Scoperta nave egiziana di 4.500 anni

Scoperta nave egiziana di 4.500 anni

A sud delle famose piramidi di Giza si trovano i piramidi di Abusir, un'area che fa notizia perché un team di archeologi cechi ha recentemente fatto un'importante scoperta considerata insolita, i resti di un'enorme nave di legno che ha circa 4.500 anni.

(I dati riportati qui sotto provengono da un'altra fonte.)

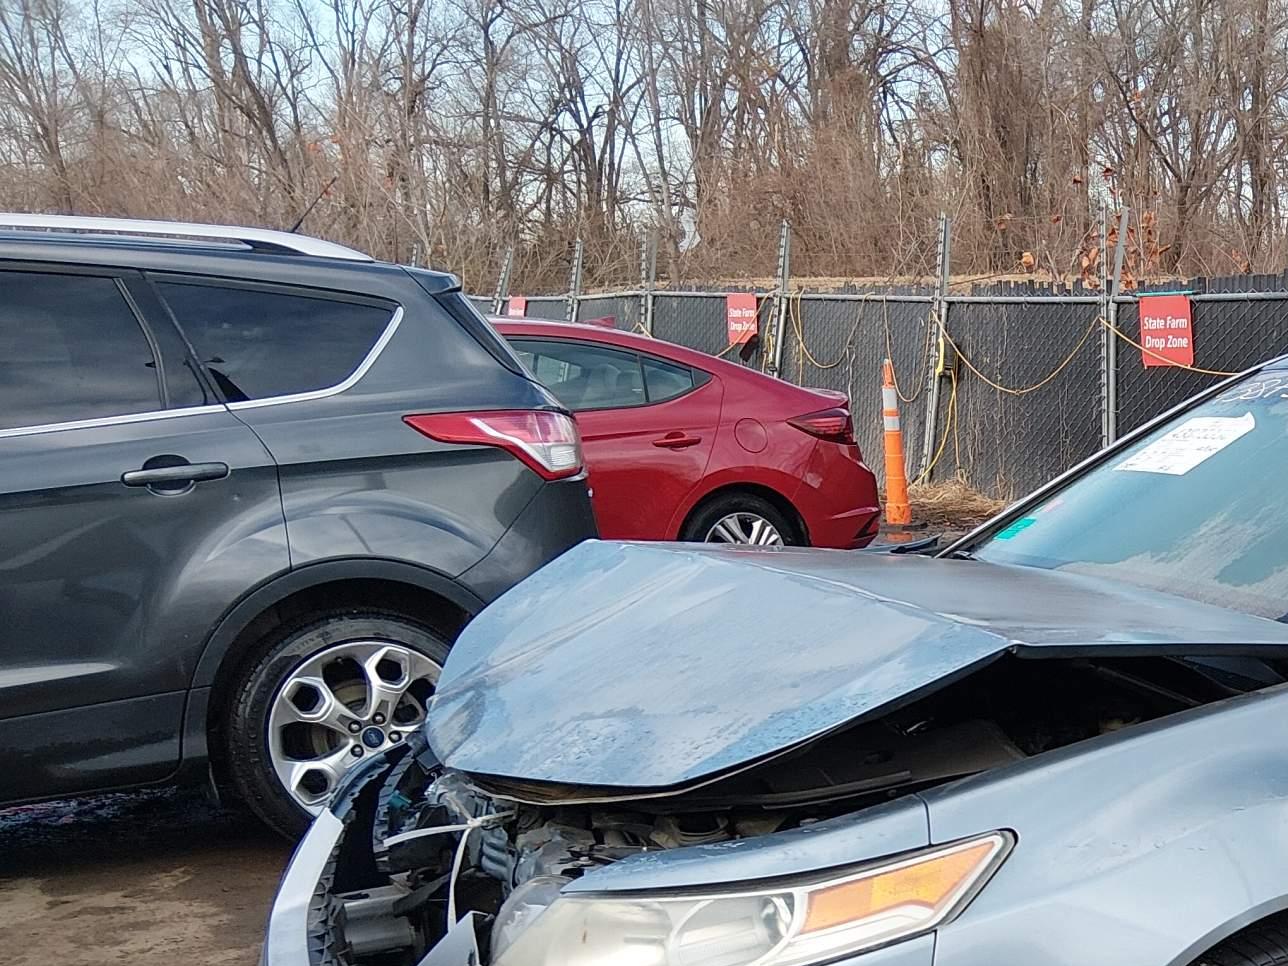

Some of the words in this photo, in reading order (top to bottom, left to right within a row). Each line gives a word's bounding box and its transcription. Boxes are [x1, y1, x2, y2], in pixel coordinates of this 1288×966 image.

I resti della nave sono stati scoperti durante le operazioni di pulizia in corso nell'area, un sito prolifico su cui si lavora dal 2009. La sabbia ha gradualmente rivelato lo scheletro di questa nave, alto 18 metri. lunghezza che giaceva sepolta accanto a diversi pezzi di ceramica risalenti alla fine della III dinastia, intorno al 2550 aC

Come dichiarato Mamduh il Damati, Ministro delle Antichità d'Egitto: "Questa scoperta è di grande importanza perché è l'unica nave dell'Antico Regno che è stata trovata accanto a una tomba che non appartiene a un re, il che suggerisce che fosse una persona di grande importanza che aveva un ottimo rapporto con il monarca”.

Al momento non si sa di chi sia l'identità il nobile poiché la cappella delle offerte in cui dovrebbe comparire il suo nome ei titoli che avrebbe dovuto apparire, è in pessime condizioni e sarà molto difficile ottenere informazioni da lì.

Le indagini hanno già sollevato diverse ipotesi, dove una di loro indica questo luogo come la sepoltura del faraone Huni, l'ultimo monarca del III dinastia che governò per 24 anni intorno al 2600 a.C.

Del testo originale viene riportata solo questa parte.